> [Requirement]: Below is a block of records; reproduce all of them exactly and leave out any pictures.

> [Data provided]:
----

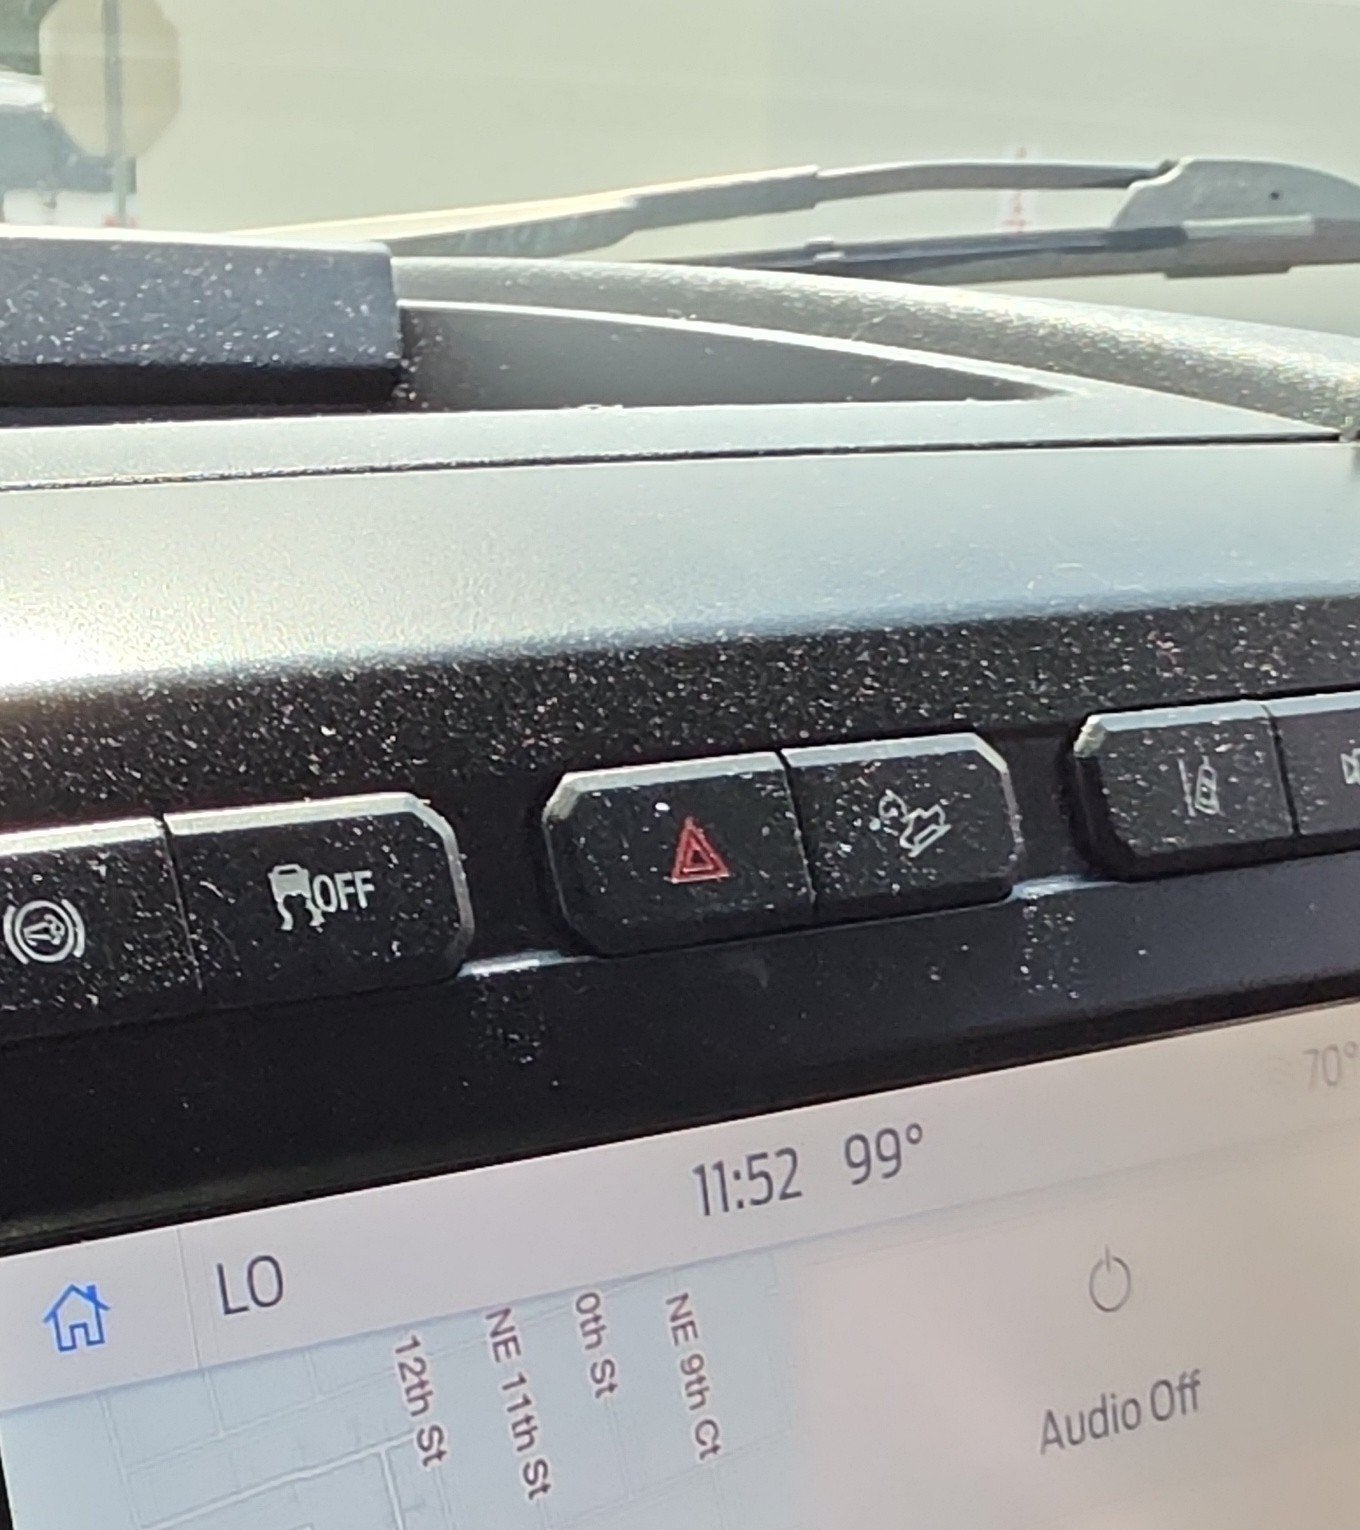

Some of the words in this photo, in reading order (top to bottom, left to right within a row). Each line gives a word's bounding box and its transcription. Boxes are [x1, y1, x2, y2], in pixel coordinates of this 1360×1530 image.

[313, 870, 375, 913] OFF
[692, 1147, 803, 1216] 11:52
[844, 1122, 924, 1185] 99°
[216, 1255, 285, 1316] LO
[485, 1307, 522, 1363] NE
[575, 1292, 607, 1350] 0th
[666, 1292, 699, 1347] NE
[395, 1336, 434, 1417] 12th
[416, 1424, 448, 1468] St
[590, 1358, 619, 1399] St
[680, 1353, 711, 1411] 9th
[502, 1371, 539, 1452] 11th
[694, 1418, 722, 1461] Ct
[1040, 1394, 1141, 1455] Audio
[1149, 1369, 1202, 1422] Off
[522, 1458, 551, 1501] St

----

> [Answer box]:
Some of the words in this photo, in reading order (top to bottom, left to right within a row). Each line gives a word's bounding box and its transcription. Boxes are [x1, y1, x2, y2], in pixel coordinates of this 1360×1530 image.

[313, 870, 375, 913] OFF
[692, 1147, 803, 1216] 11:52
[844, 1122, 924, 1185] 99°
[216, 1255, 285, 1316] LO
[485, 1307, 522, 1363] NE
[575, 1292, 607, 1350] 0th
[666, 1292, 699, 1347] NE
[395, 1336, 434, 1417] 12th
[416, 1424, 448, 1468] St
[590, 1358, 619, 1399] St
[680, 1353, 711, 1411] 9th
[502, 1371, 539, 1452] 11th
[694, 1418, 722, 1461] Ct
[1040, 1394, 1141, 1455] Audio
[1149, 1369, 1202, 1422] Off
[522, 1458, 551, 1501] St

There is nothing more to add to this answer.